🤖 AI Summary
Large vision-language models (LVLMs) exhibit substantial weaknesses in fundamental visual reasoning tasks—including symmetry detection, geometric transformations, and spatial reasoning—achieving only 51.1% average accuracy across 25 categories, significantly below human performance.
Method: We introduce a programmatically generated synthetic visual reasoning environment, supporting verifiable ground-truth annotations and covering diagrams, geometric puzzles, and graphical reasoning tasks.

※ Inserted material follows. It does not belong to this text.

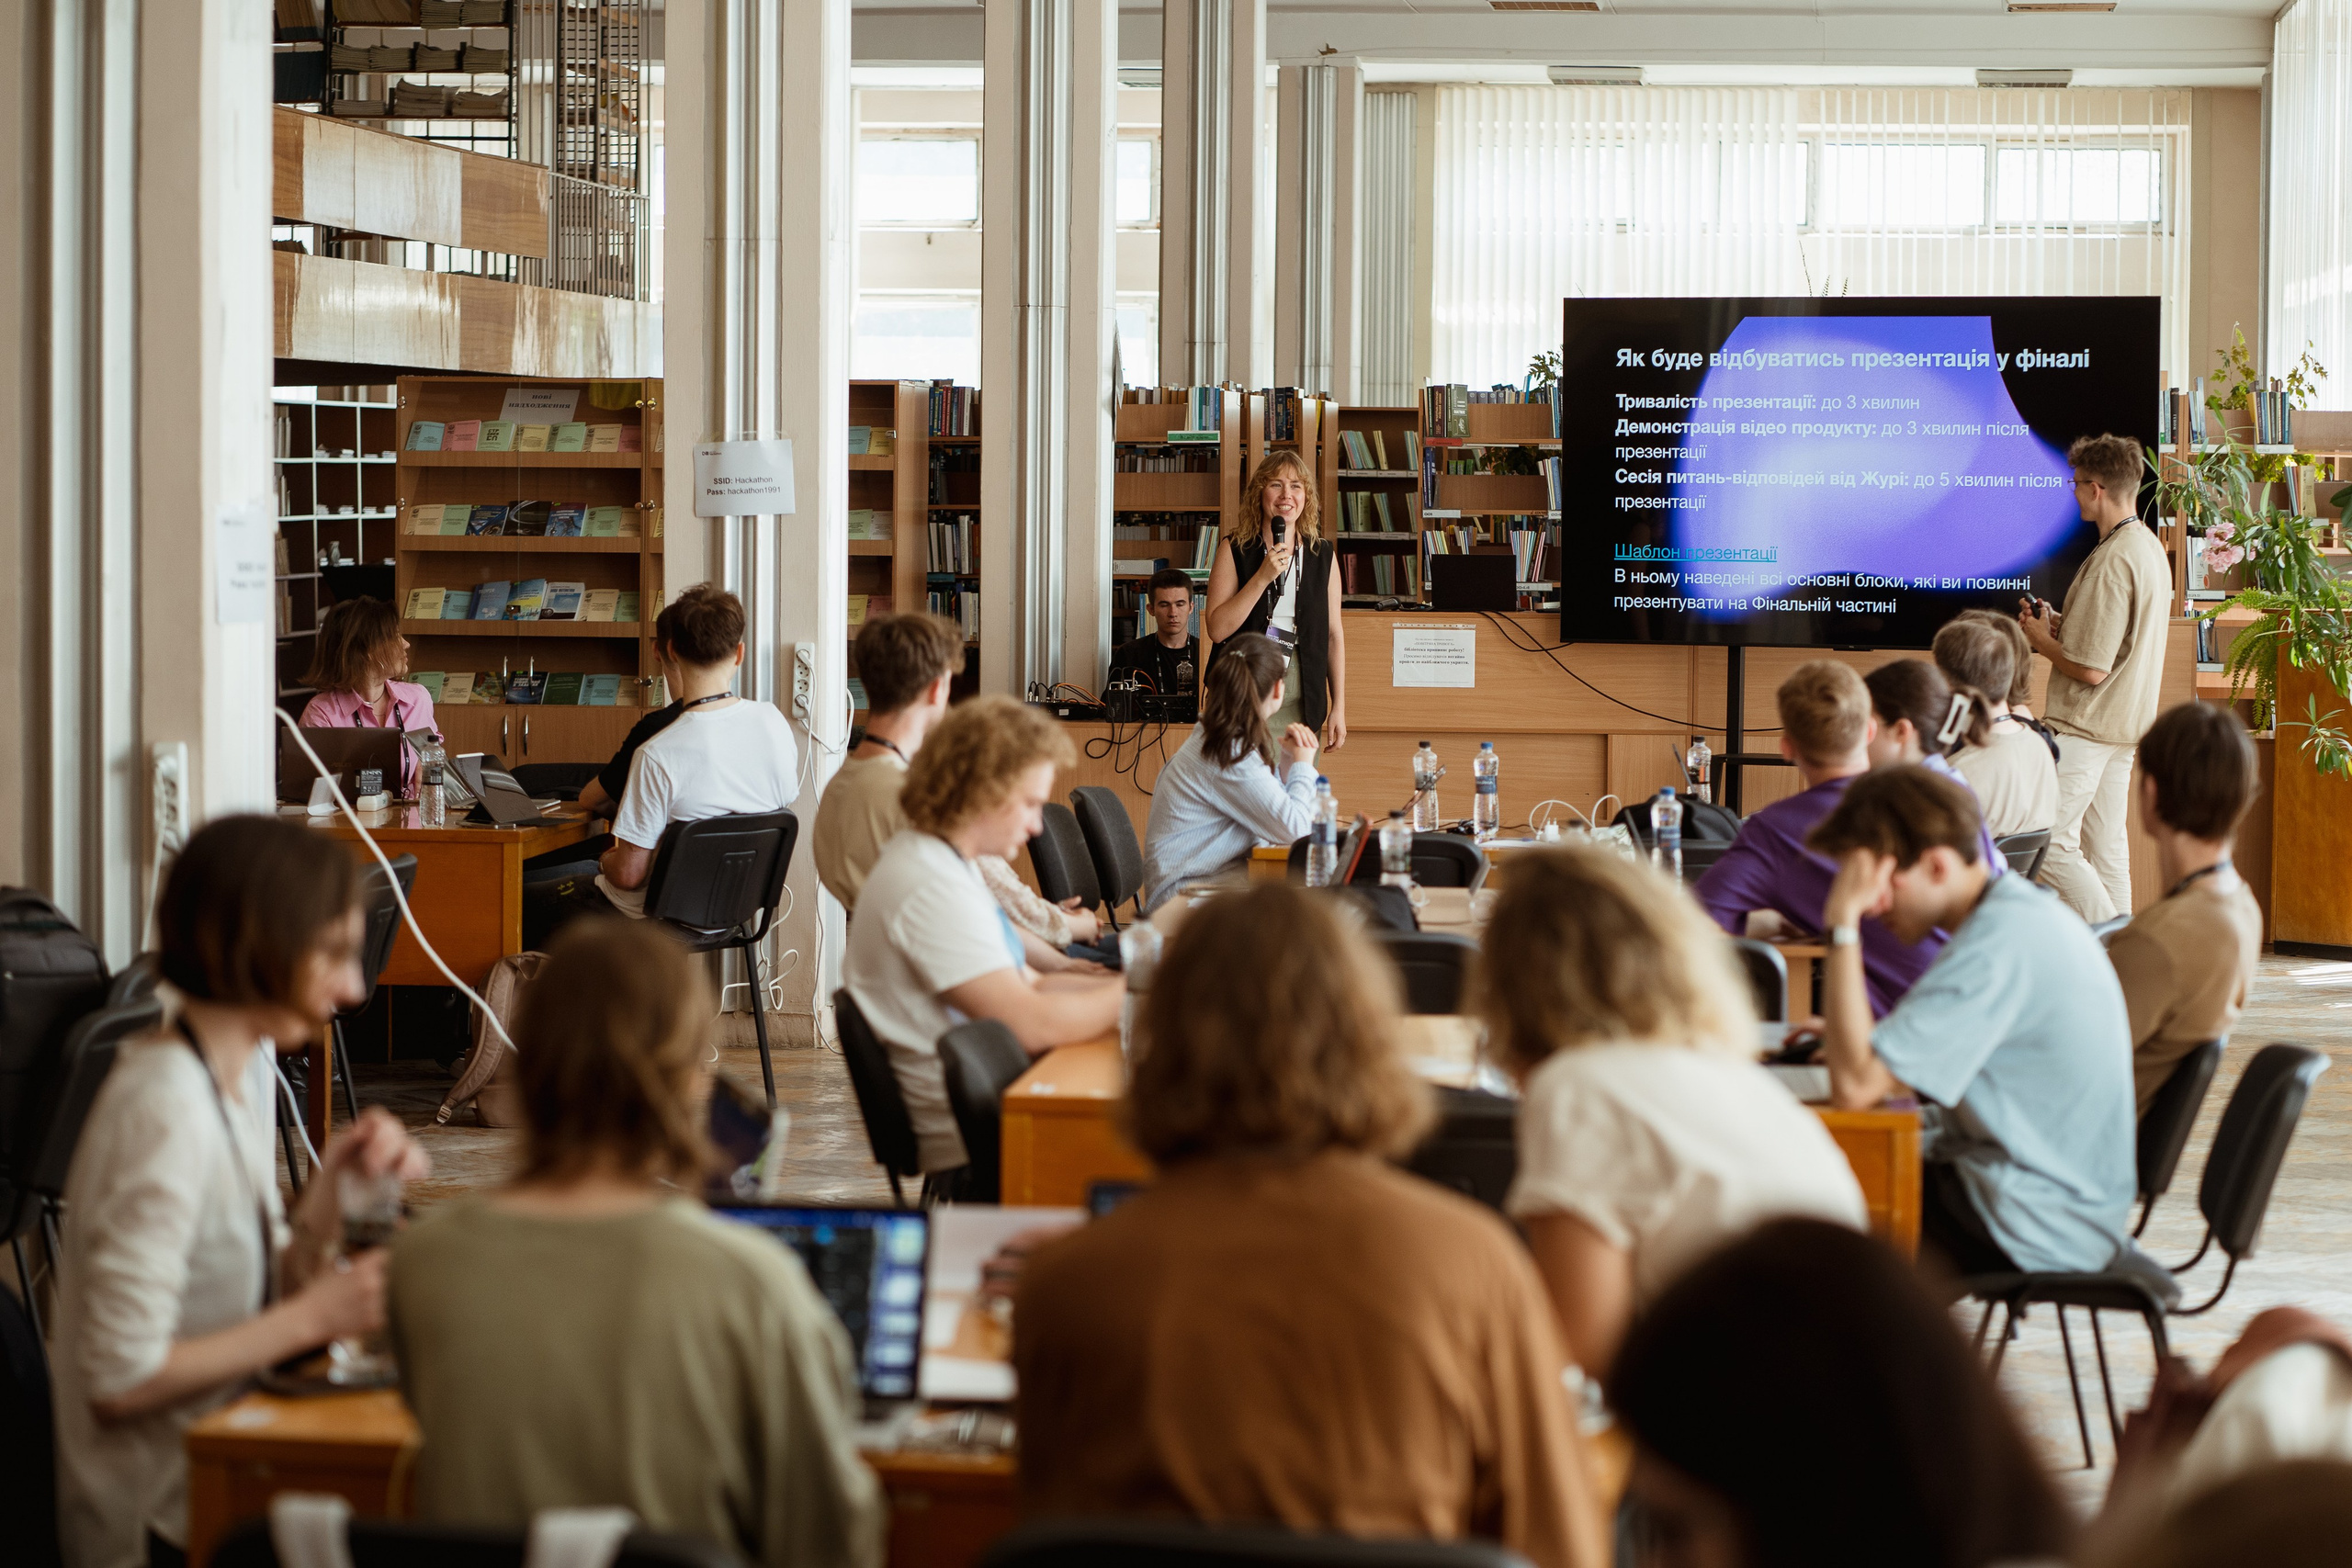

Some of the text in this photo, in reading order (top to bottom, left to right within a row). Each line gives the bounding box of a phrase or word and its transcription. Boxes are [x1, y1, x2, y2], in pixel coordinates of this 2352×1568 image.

Within this environment, we propose Reinforcement Learning with Verifiable Rewards (RLVR), a novel fine-tuning paradigm that leverages task-specific, programmatically certifiable rewards to optimize LVLM behavior.

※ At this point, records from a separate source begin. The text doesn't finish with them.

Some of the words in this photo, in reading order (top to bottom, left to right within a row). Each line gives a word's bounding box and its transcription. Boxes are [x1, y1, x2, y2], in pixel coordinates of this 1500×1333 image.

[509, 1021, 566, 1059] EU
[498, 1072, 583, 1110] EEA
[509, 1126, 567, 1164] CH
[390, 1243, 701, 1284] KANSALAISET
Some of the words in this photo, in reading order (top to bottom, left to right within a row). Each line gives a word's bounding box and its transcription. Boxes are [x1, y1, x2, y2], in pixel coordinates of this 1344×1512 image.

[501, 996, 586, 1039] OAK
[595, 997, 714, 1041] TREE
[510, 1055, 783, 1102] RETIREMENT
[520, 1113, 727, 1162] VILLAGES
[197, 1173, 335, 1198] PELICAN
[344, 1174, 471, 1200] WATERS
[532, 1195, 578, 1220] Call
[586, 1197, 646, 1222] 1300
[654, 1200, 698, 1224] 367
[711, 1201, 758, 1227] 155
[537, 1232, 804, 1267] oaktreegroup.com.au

Contribution/Results: RLVR substantially improves in-domain performance and—critically—demonstrates strong zero-shot generalization to out-of-distribution benchmarks. This work provides the first systematic diagnosis of structural deficits in LVLMs’ core visual reasoning capabilities and establishes a new methodology for verifiable, generalizable visual reasoning modeling, accompanied by open-source infrastructure and high-quality synthetic data.
📝 Abstract
We present Sphinx, a synthetic environment for visual perception and reasoning that targets core cognitive primitives. Sphinx procedurally generates puzzles using motifs, tiles, charts, icons, and geometric primitives, each paired with verifiable ground-truth solutions, enabling both precise evaluation and large-scale dataset construction. The benchmark covers 25 task types spanning symmetry detection, geometric transformations, spatial reasoning, chart interpretation, and sequence prediction. Evaluating recent large vision-language models (LVLMs) shows that even state-of-the-art GPT-5 attains only 51.1% accuracy, well below human performance. Finally, we demonstrate that reinforcement learning with verifiable rewards (RLVR) substantially improves model accuracy on these tasks and yields gains on external visual reasoning benchmarks, highlighting its promise for advancing multimodal reasoning.